Toutefois, les connaissances scientifiques obtenues en milieu standardisé propre à la recherche ne sont pas pertinentes sans mise en relation avec les retours du terrain. L’étude des retours d’expériences (Retex) est essentielle pour mener les recherches et rester en phase avec la réalité opérationnelle, que ce soit en mer, dans le désert ou en milieu urbain, de jour comme de nuit. C’est la deuxième démarche de cet ouvrage.
Grâce aux croisements de la science et de l’expérience, il devient possible d’adapter des stratégies pour aider les militaires à optimiser leur sommeil et à prévenir les effets de son manque. Ces stratégies sont basées sur l’entraînement, l’individu devant être initialement convaincu pour les adopter. Ce troisième chapitre sera le prochain défi des instructeurs.
Les retours d’expériences sont également importants pour orienter le concours des entreprises civiles dans le développement d’outils adaptés aux besoins réels du combattant. Les développements technologiques au service de la gestion du sommeil sont l’objet du quatrième chapitre.
Enfin, malgré toutes les précautions prises en amont, les aléas des événements peuvent contraindre les personnels à poursuivre leurs missions sans dormir. Et c’est tout l’intérêt du dernier chapitre : la gestion du manque aigu de sommeil au cours d’une mission et celle de sa prise en compte au niveau du commandement. C’est pourquoi, il faudrait songer plus largement à mettre en place une éducation au profit de nos jeunes recrues, qu’ils soient futurs encadrants, sous-officiers ou officiers.
Les études sociologiques révèlent que nos enfants ont perdu du temps de sommeil (environ quarante minutes en trente ans) en raison notamment des changements de rythme et surtout en raison de la multiplicité des écrans. Le sommeil va sans doute devenir un jour une politique de prévention spécifique au niveau national. Qu’attendons-nous pour devancer cette politique de prévention ? Non seulement nous recrutons des jeunes, mais les conditions de leur emploi nous l’imposent.
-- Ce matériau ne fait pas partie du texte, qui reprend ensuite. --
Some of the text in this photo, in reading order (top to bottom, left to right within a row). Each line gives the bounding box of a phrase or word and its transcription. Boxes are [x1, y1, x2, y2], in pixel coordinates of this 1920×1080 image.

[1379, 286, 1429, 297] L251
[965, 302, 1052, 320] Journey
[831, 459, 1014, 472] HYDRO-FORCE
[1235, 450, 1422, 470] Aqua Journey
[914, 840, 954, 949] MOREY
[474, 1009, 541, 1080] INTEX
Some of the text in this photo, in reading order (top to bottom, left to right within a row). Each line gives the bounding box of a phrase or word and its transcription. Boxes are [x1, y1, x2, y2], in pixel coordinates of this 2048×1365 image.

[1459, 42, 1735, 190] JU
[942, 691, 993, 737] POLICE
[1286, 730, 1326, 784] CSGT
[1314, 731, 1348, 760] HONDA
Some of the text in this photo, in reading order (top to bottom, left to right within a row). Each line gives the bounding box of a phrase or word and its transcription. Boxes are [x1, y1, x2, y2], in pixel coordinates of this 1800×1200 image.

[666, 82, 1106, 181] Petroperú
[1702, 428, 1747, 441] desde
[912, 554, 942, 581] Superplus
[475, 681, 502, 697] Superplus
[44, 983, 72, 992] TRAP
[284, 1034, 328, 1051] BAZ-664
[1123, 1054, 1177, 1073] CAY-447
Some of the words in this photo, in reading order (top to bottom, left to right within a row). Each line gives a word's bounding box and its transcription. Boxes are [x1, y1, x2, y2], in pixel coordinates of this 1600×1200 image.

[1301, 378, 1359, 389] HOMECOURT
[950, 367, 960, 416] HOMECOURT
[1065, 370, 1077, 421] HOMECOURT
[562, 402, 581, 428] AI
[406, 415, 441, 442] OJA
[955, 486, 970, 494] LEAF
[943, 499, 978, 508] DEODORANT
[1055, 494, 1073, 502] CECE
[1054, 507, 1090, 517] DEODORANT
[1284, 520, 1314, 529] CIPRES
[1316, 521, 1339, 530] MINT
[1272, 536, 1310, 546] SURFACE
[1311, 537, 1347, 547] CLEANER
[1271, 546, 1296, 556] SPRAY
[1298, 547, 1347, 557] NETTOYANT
Depuis les campagnes napoléoniennes, le Service de santé n’a cessé d’œuvrer en faveur du développement de l’hygiène en campagne. Celle-ci traite exclusivement des contre-mesures de prévention vis-à-vis du risque infectieux. Par analogie, il ne serait pas absurde d’introduire cette notion d’hygiène vis-à-vis du sommeil. La santé du militaire, passe par une bonne hygiène du sommeil qui doit pouvoir être présente dès le recrutement : il est important de se connaître, nous ne sommes pas tous égaux face au sommeil. Maîtriser son propre chronotype permet de mieux appréhender nos vulnérabilités vis-à-vis de la somnolence et de mieux sécuriser nos prises de décision.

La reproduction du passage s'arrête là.